It’s cold, it’s wet, winter is on its way and it’s getting darker for longer. Seasonally Adjusted Disorder aside, there’s a lot to feel down about this month but there is also a lot you can do about it as, mental health and wellbeing-wise, there’s quite a bit going on this October. Not only do we have World Mental Health Day, but we also have that perennial NHS stop smoking initiative, Stoptober. Stopping smoking will do wonders, not only for your physical health but also for your mental health. But, what exactly is the link between smoking and mental health?
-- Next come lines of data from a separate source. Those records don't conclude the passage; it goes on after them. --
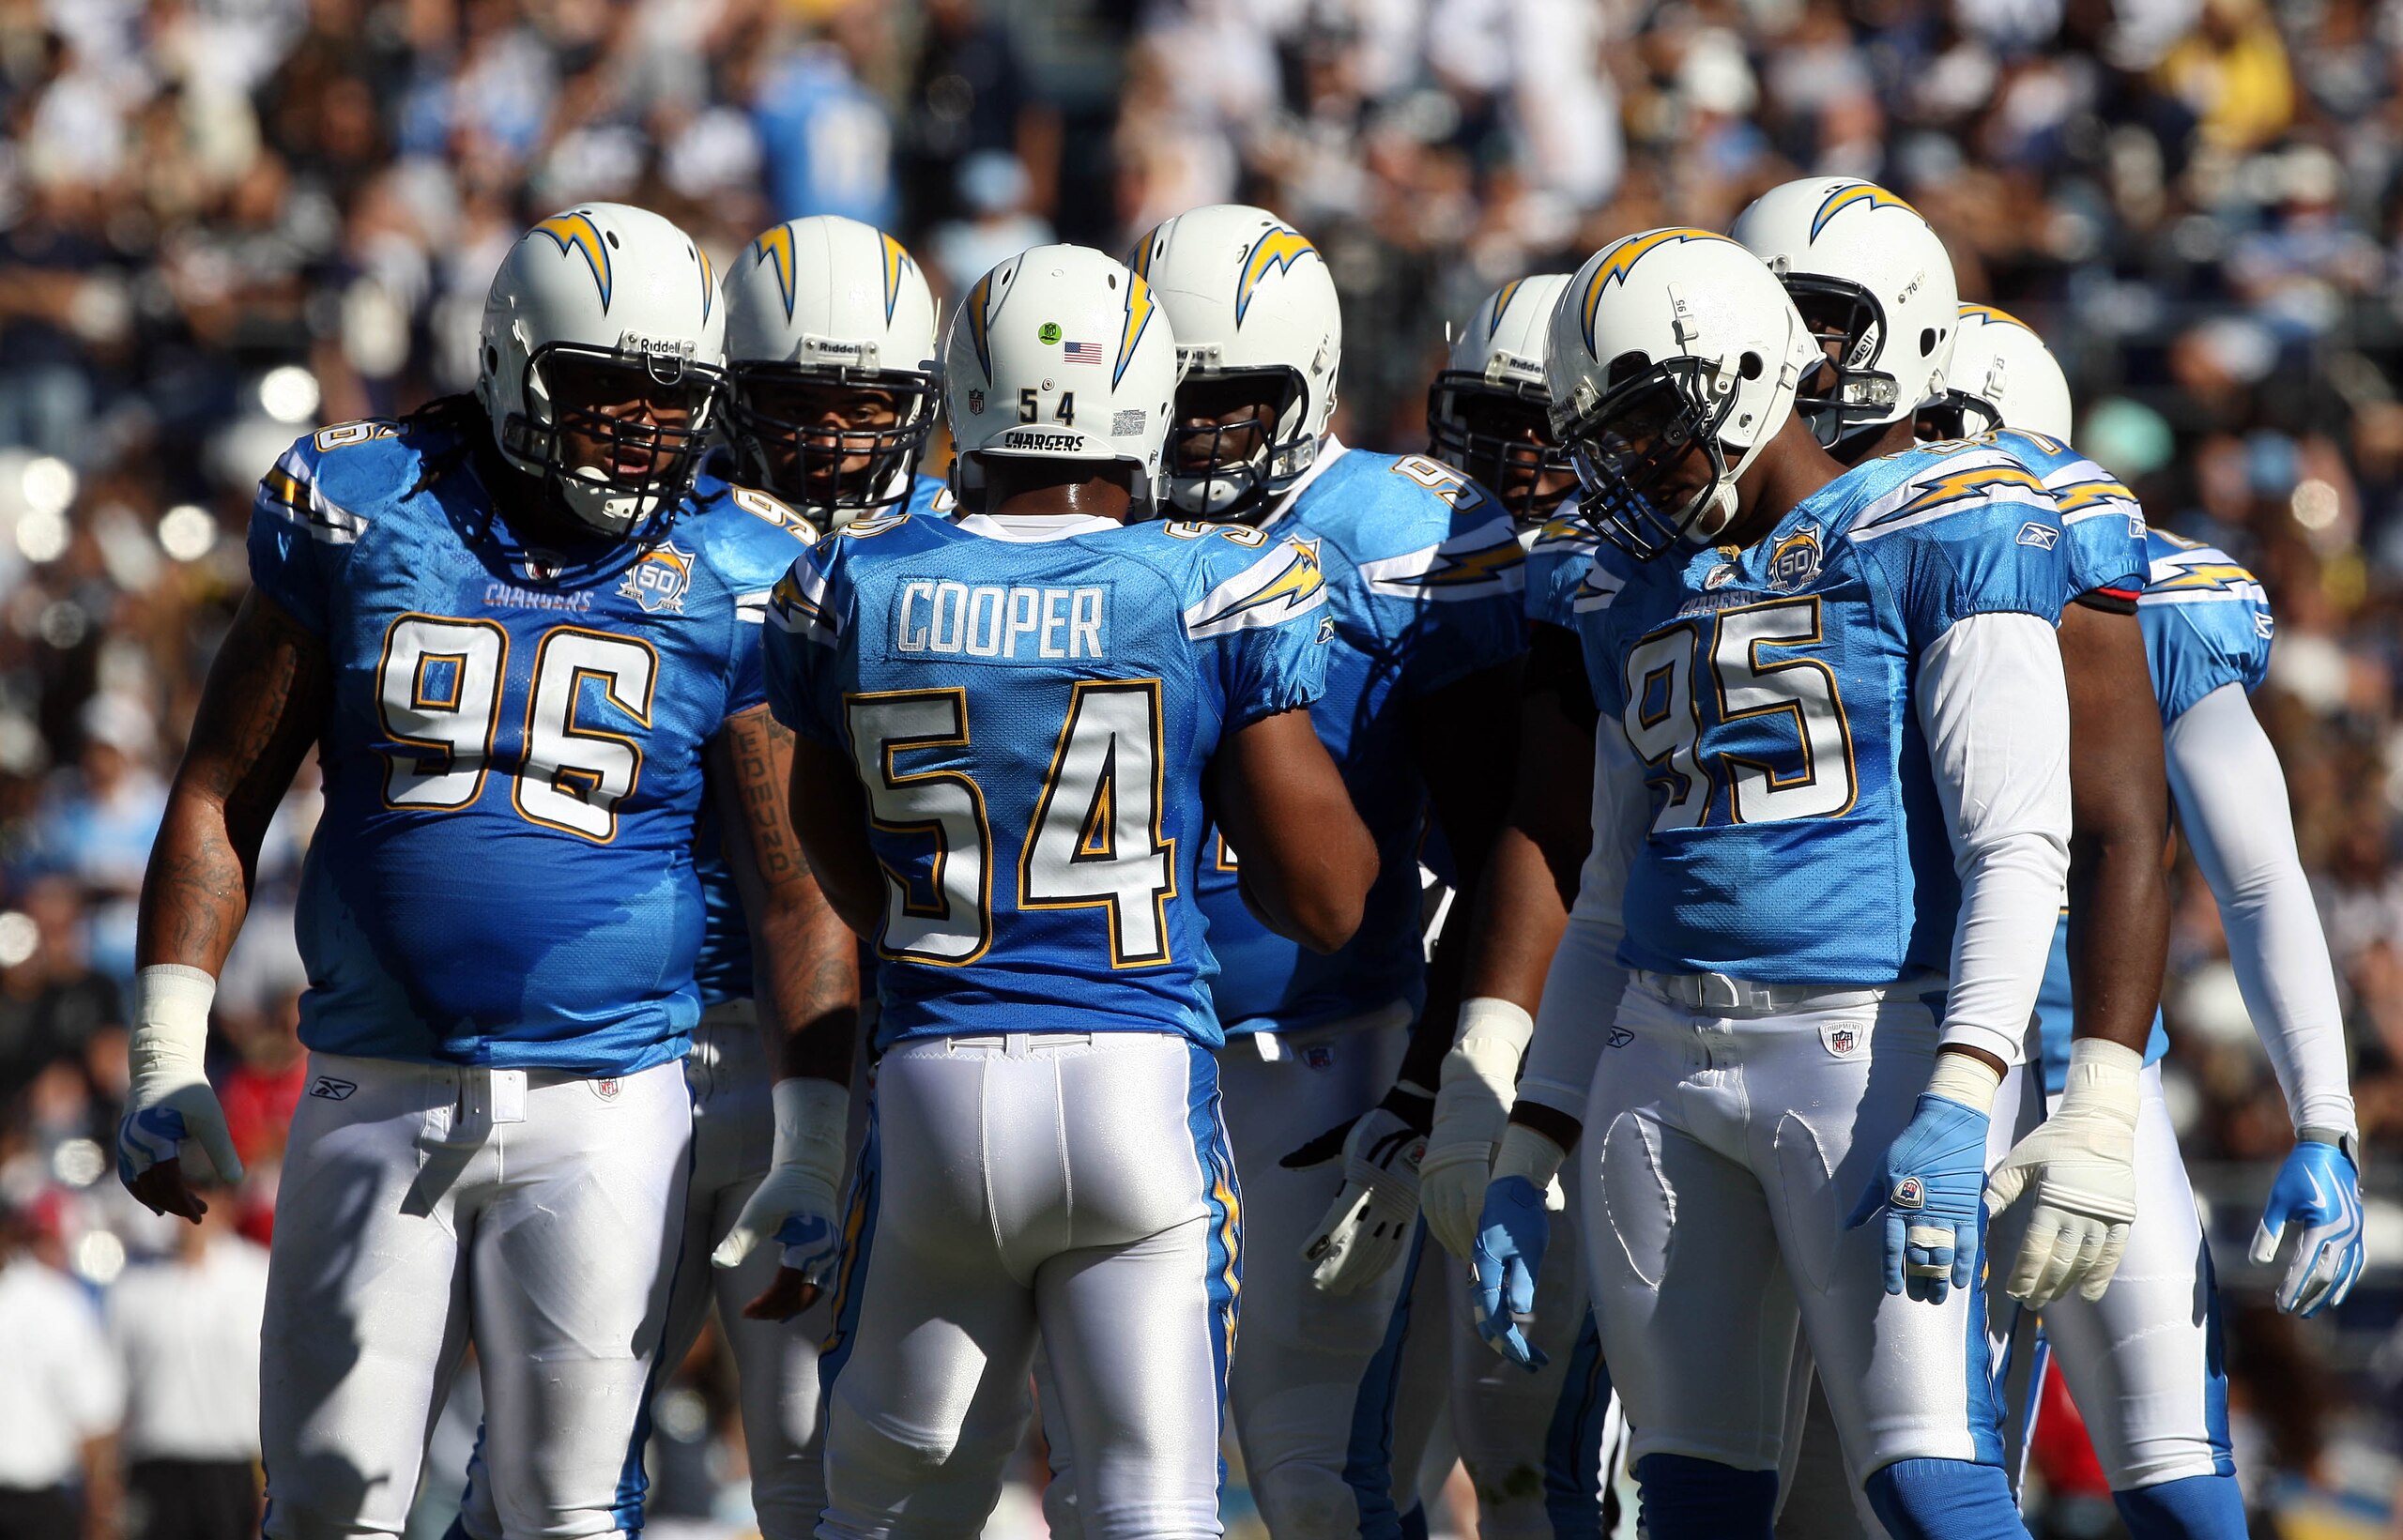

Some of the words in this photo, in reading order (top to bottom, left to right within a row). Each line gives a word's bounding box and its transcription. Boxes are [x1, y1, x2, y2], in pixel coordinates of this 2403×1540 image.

[1907, 282, 1918, 296] 70
[640, 339, 681, 354] Riddell
[819, 343, 862, 354] Riddell
[1004, 432, 1085, 452] CHARGERS
[1780, 549, 1810, 574] 50
[639, 565, 677, 594] 50
[897, 581, 1105, 659] COOPER
[375, 611, 660, 845] 96
[1623, 594, 1859, 841] 95
[842, 678, 1178, 970] 54
[1833, 1041, 1852, 1052] NFL
[601, 1082, 617, 1094] NFL
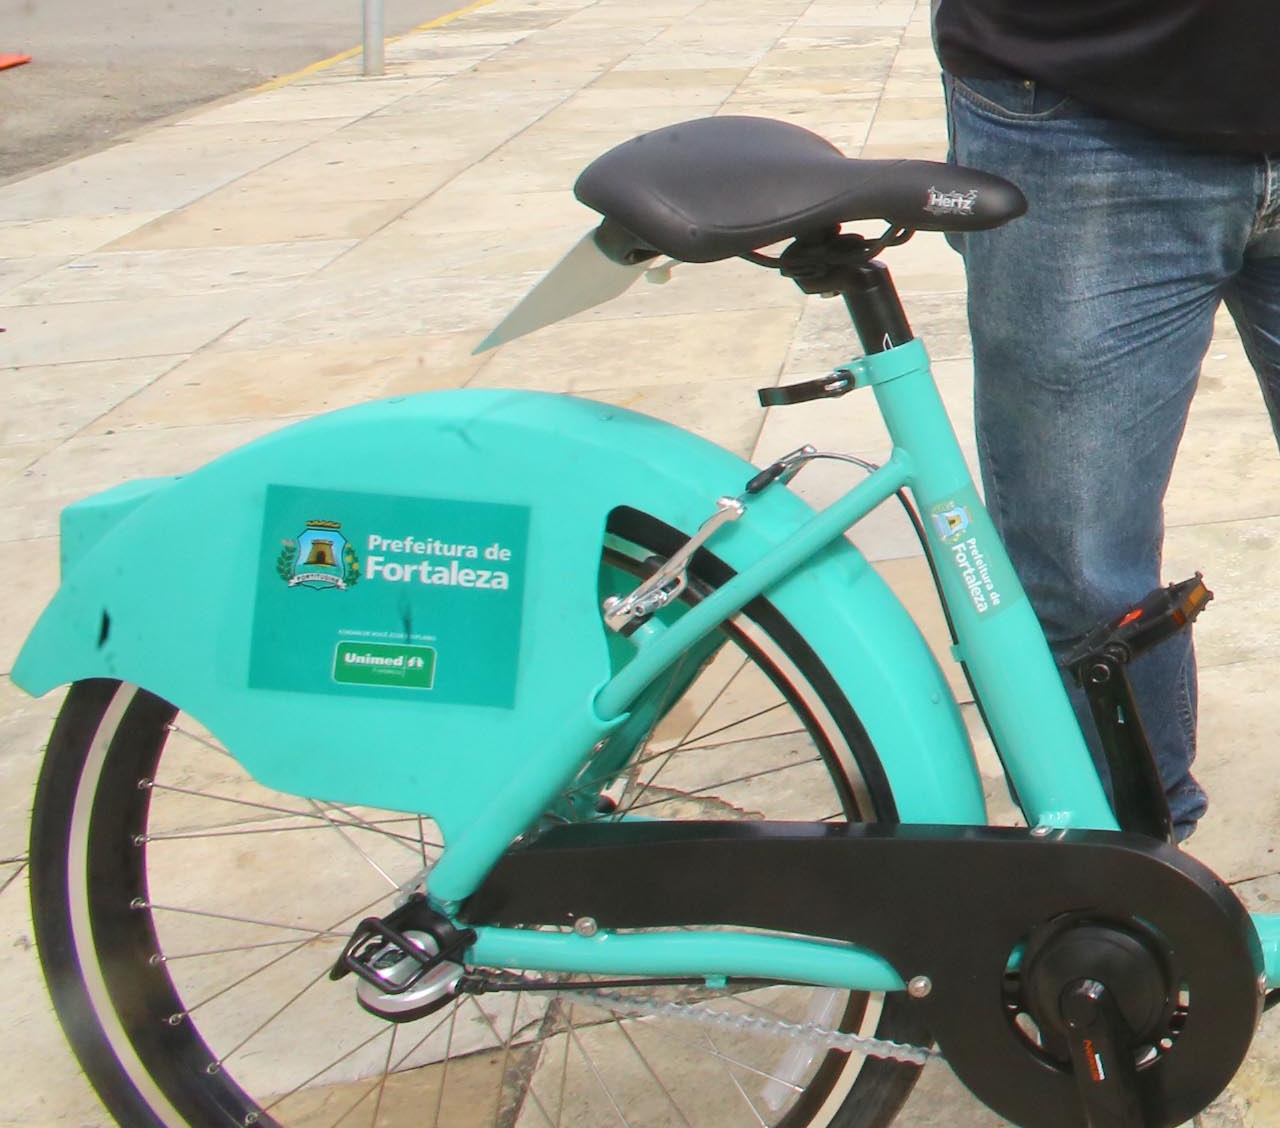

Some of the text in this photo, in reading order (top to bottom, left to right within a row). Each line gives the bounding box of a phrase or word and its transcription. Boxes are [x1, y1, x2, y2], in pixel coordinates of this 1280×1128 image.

[931, 192, 972, 210] Hertz
[368, 534, 512, 562] Prefeitura de
[365, 555, 509, 591] Fortaleza
[951, 543, 988, 613] Fortaleza
[966, 536, 1001, 606] Prefeitura de
[344, 652, 404, 667] Unimed
Most people who smoke say smoking relaxes them but it can’t. It just can’t. Nicotine is a stimulant you see, not a relaxant. Smoke too much and you become over stimulated and more prone, therefore, to stress and anxiety. Studies have also shown that, over time, smokers are more likely to become depressed than non-smokers.
When you quit the fags, however, you’re more likely to feel more calm and positive. There’s a strong correlation between quitting and improved life satisfaction levels. You’ll feel more in control for a start. Some studies have suggested that the beneficial effects of stopping smoking on anxiety and depression can equal that of medications often prescribed for the two conditions.
By the by hypnotherapy (of which I am both a proponent and a practitioner) is one of the more successful methods for stopping smoking.
World Mental Health Day, meanwhile, is an opportunity for us all, at both a professional (i.e., at work) and personal level (i.e. in our day-to-day lives), to increase awareness of and decrease the stigma attached to mental health issues.
I personally would like to get to the point where going for a mental health check up is seen as just as important and just as routine as going to the doctors or the dentists.
Held every year on 10 October, the theme for this year’s World Mental Health Day is suicide (and more importantly) suicide prevention.
Every year 80,000 people around the world take their own life and many more attempt it. Here in the UK, it is the leading cause of death among young people aged 20-34 years.
Do you have a mental health advocate where you work? If so, ask them what they have planned for the day.
Or perhaps, think about what you can do to help.